Definition

Probabilities get inferred from the most vivid or recent headlines instead of representative samples.

Example

After a run of hawkish central-bank headlines, a trader becomes convinced that rate hikes will persist despite underlying data showing disinflation and weakening growth. The vividness of the commentary outweighs the broader macro signal.

Cognitive Driver

The mind retrieves information that is recent, emotionally charged, or heavily repeated. This ease of recall becomes mistaken for importance or frequency. Salient narratives override more representative--but less vivid--data.

Market Expression

Trades lean toward themes dominating the news cycle. Risks tied to less visible drivers (positioning, liquidity, distribution tails) are underweighted.
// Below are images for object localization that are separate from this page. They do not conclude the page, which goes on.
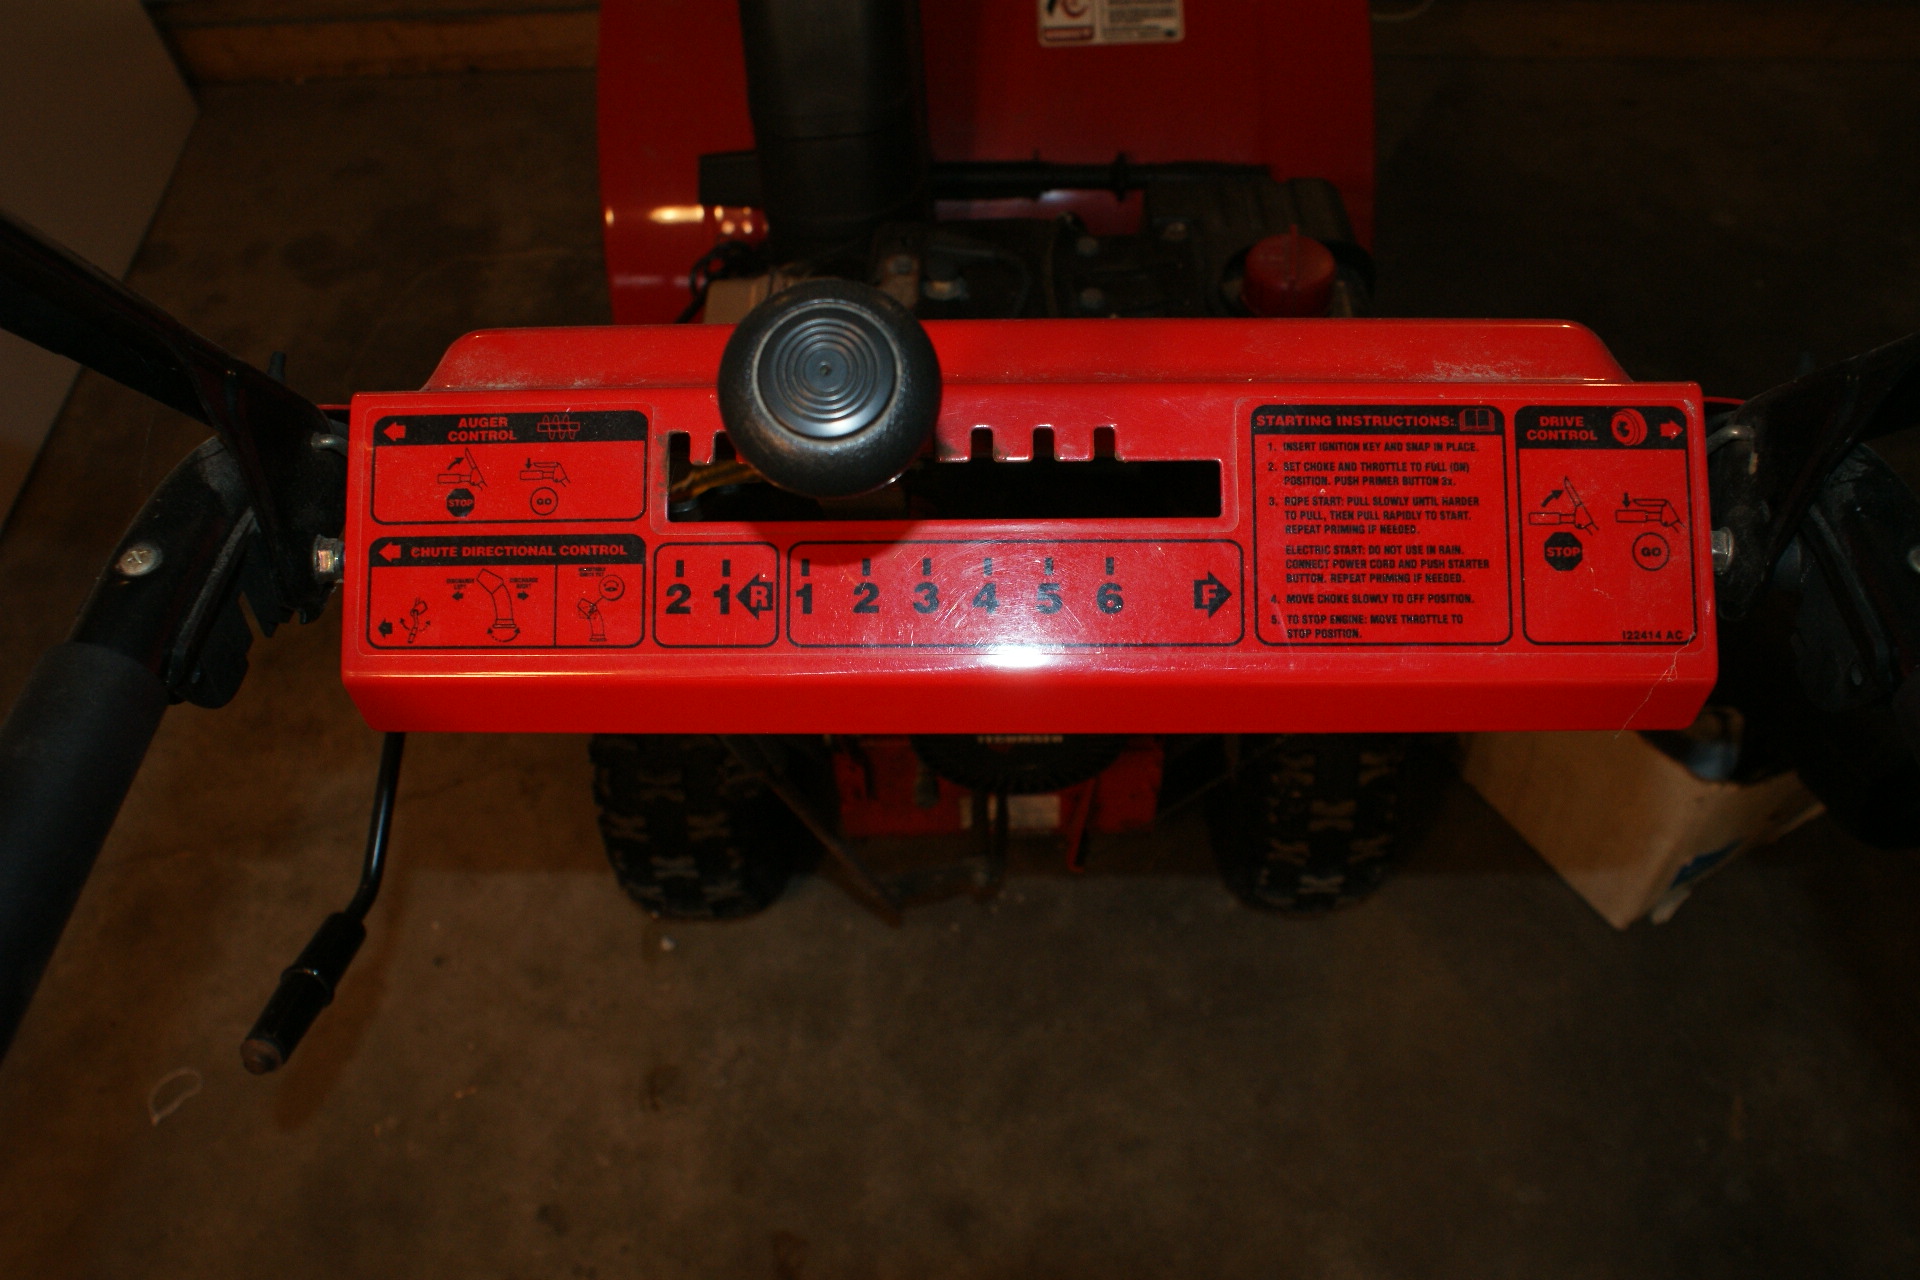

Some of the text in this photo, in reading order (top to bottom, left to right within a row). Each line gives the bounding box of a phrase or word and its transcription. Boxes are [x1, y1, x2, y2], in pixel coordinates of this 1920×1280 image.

[458, 417, 508, 428] AUGER
[1256, 415, 1455, 427] STARTING INSTRUCTIONS:
[1540, 416, 1584, 427] DRIVE
[447, 431, 517, 442] CONTROL
[1527, 430, 1598, 441] CONTROL
[1268, 442, 1479, 452] 1. INSERT IGNITION KEY AND SNAP IN PLACE.
[1268, 462, 1470, 473] 2. SET CHOKE AND THROTTLE TO FULL (ON)
[1284, 476, 1331, 486] POSITION.
[1334, 476, 1359, 486] PUSH
[1362, 476, 1399, 486] PRIMER
[1402, 476, 1439, 486] BUTTON
[449, 499, 472, 507] STOP
[536, 498, 552, 506] GO
[1269, 496, 1479, 506] 3. ROPE START: PULL SLOWLY UNTIL HARDER
[1285, 510, 1472, 521] TO PULL, THEN PULL RAPIDLY TO START.
[1285, 525, 1420, 534] REPEAT PRIMING IF NEEDED.
[410, 544, 628, 558] CHUTE DIRECTIONAL CONTROL
[1286, 545, 1464, 555] ELECTRIC START: DO NOT USE IN RAIN.
[1546, 547, 1580, 557] STOP
[1640, 547, 1662, 557] GO
[1285, 559, 1489, 569] CONNECT POWER CORD AND PUSH STARTER
[1286, 573, 1465, 583] BUTTON. REPEAT PRIMING IF NEEDED.
[665, 583, 730, 615] 2 1
[795, 582, 1124, 614] 1 2 3 4 5 6
[1271, 594, 1475, 604] 4. MOVE CHOKE SLOWLY TO OFF POSITION.
[1271, 614, 1463, 624] 5. TO STOP ENGINE: MOVE THROTTLE TO
[1287, 629, 1362, 638] STOP POSITION.
[1666, 631, 1683, 640] AC
Market participants chase attention-grabbing stories while structural indicators fade into the background.

Trigger Conditions

  • High media saturation around a single theme
  • Policy meetings, geopolitical events, or crisis narratives
  • Markets driven by headline momentum
  • Large one-off events that generate emotional salience
  • Limited access to long-range or cross-market datasets

Diagnostic Markers

  • Rationale heavily references headlines or recent stories
  • Long-term data omitted from decision notes
  • Conviction rises after exposure to dramatic news coverage
  • Underweighting of statistical baselines and historical analogues
  • Sensitivity to information volume rather than information quality

Cost Profile

  • Overreaction to highly publicised risks
  • Underreaction to slow-moving or less-visible shifts
  • Whipsaw positioning as narratives intensify or fade
  • Weak connection between conviction and underlying probability
  • Inefficient allocation due to spotlight-driven decision-making

Differentiation From Adjacent Biases

  • Not recency bias: availability is about salience and memorability, not simply temporal proximity.
  • Not representativeness: availability is about ease of recall; representativeness is about similarity to mental stereotypes.
  • Not confirmation bias: availability doesn't filter evidence by thesis but by vividness.

Corrective Lens

Force decision notes to include long-range datasets, base-rate statistics, and alternative scenarios. Evaluate headlines in the context of distributional history rather than emotional impact. Use structured prompts that require justification from non-salient data sources to dilute the influence of highly visible narratives.